In Ghostly Japan by Lafcadio Hearn
L >>
Lafcadio Hearn >> In Ghostly Japan
Pages:
1 |
2 |
3 |
4 |
5 |
6 |
7 |
8 | 9
The structure was very simple. The bottom was a piece of thick
plank, perfectly square, and measuring about ten inches across.
Each one of its corners supported a slender slick about sixteen
inches high; and these four uprights, united above by cross-
pieces, sustained the paper sides. Upon the point of a long nail,
driven up through the centre of the bottom, was fixed a lighted
candle. The top was left open. The four sides presented five
different colors,--blue, yellow, red, white, and black; these
five colors respectively symbolizing Ether, Wind, Fire, Water,
and Earth,--the five Buddhist elements which are metaphysically
identified with the Five Buddhas. One of the paper-panes was red,
one blue, one yellow; and the right half of the fourth pane was
black, while the left half, uncolored, represented white. No
kaimyo was written upon any of the transparencies. Inside the
lantern there was only the flickering candle.
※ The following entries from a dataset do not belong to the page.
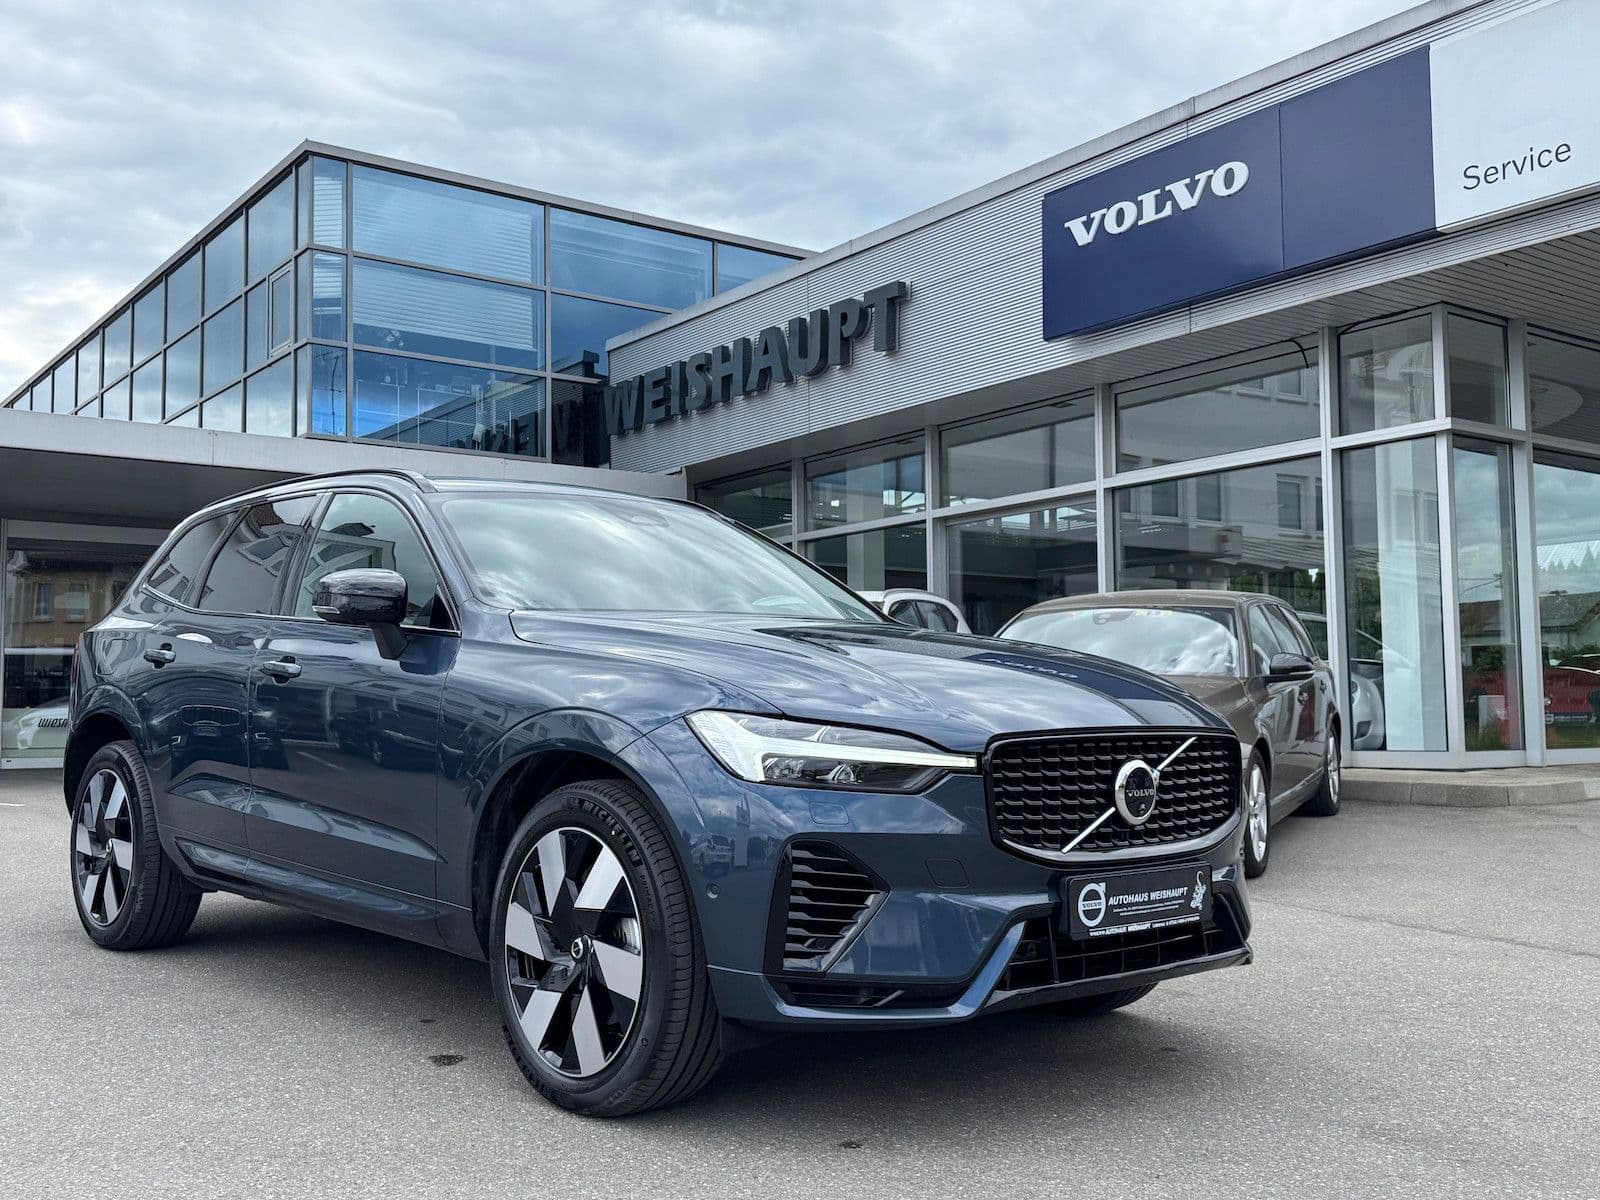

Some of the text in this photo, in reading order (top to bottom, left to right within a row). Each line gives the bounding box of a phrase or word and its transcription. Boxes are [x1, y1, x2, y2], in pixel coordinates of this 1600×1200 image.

[1462, 142, 1571, 191] Service
[1064, 160, 1249, 247] VOLVO
[603, 281, 907, 434] WEISHAUPT
[1126, 788, 1155, 797] VOLVO
[582, 800, 641, 866] MICHELIN
[1108, 893, 1149, 906] AUTOHAUS
[1150, 888, 1188, 901] WEISHAUPT
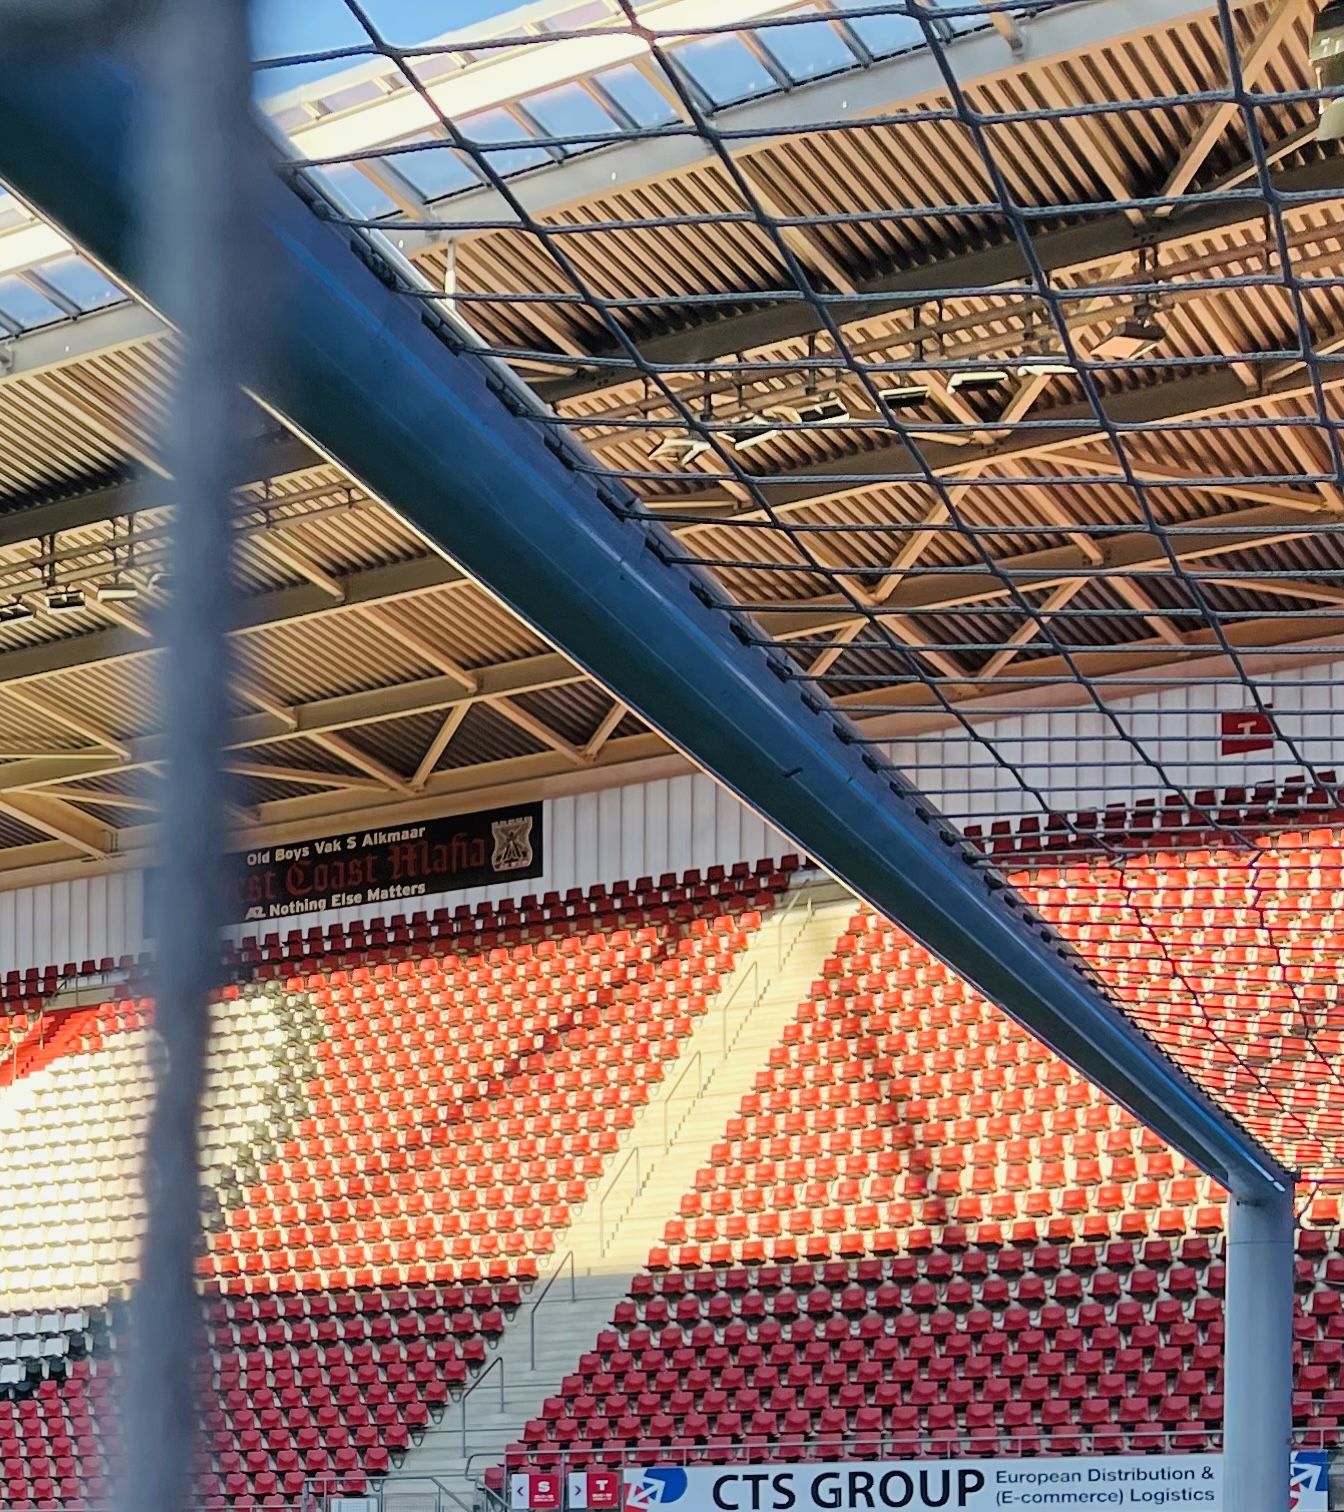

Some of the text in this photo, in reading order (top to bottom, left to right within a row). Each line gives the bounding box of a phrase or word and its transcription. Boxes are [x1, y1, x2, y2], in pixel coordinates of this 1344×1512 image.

[247, 826, 426, 865] Old Boys Vak S Alkmaar
[285, 853, 377, 897] Coast
[387, 832, 486, 881] Mafia
[269, 898, 327, 917] Nothing
[331, 890, 363, 908] Else
[367, 881, 426, 901] Matters
[538, 1481, 551, 1493] S
[595, 1479, 609, 1491] T
[996, 1466, 1215, 1485] European Distribution &
[713, 1469, 986, 1510] CTS GROUP
[995, 1487, 1215, 1506] (E-commerce) Logistics
I watched those frail glowing shapes drifting through the night,
and ever as they drifted scattering, under impulse of wind and
wave, more and more widely apart. Each, with its quiver of color,
seemed a life afraid,--trembling on the blind current that was
bearing it into the outer blackness.... Are not we ourselves as
lanterns launched upon a deeper and a dimmer sea, and ever
separating further and further one from another as we drift to
the inevitable dissolution? Soon the thought-light in each burns
itself out: then the poor frames, and all that is left of their
once fair colors, must melt forever into the colorless Void.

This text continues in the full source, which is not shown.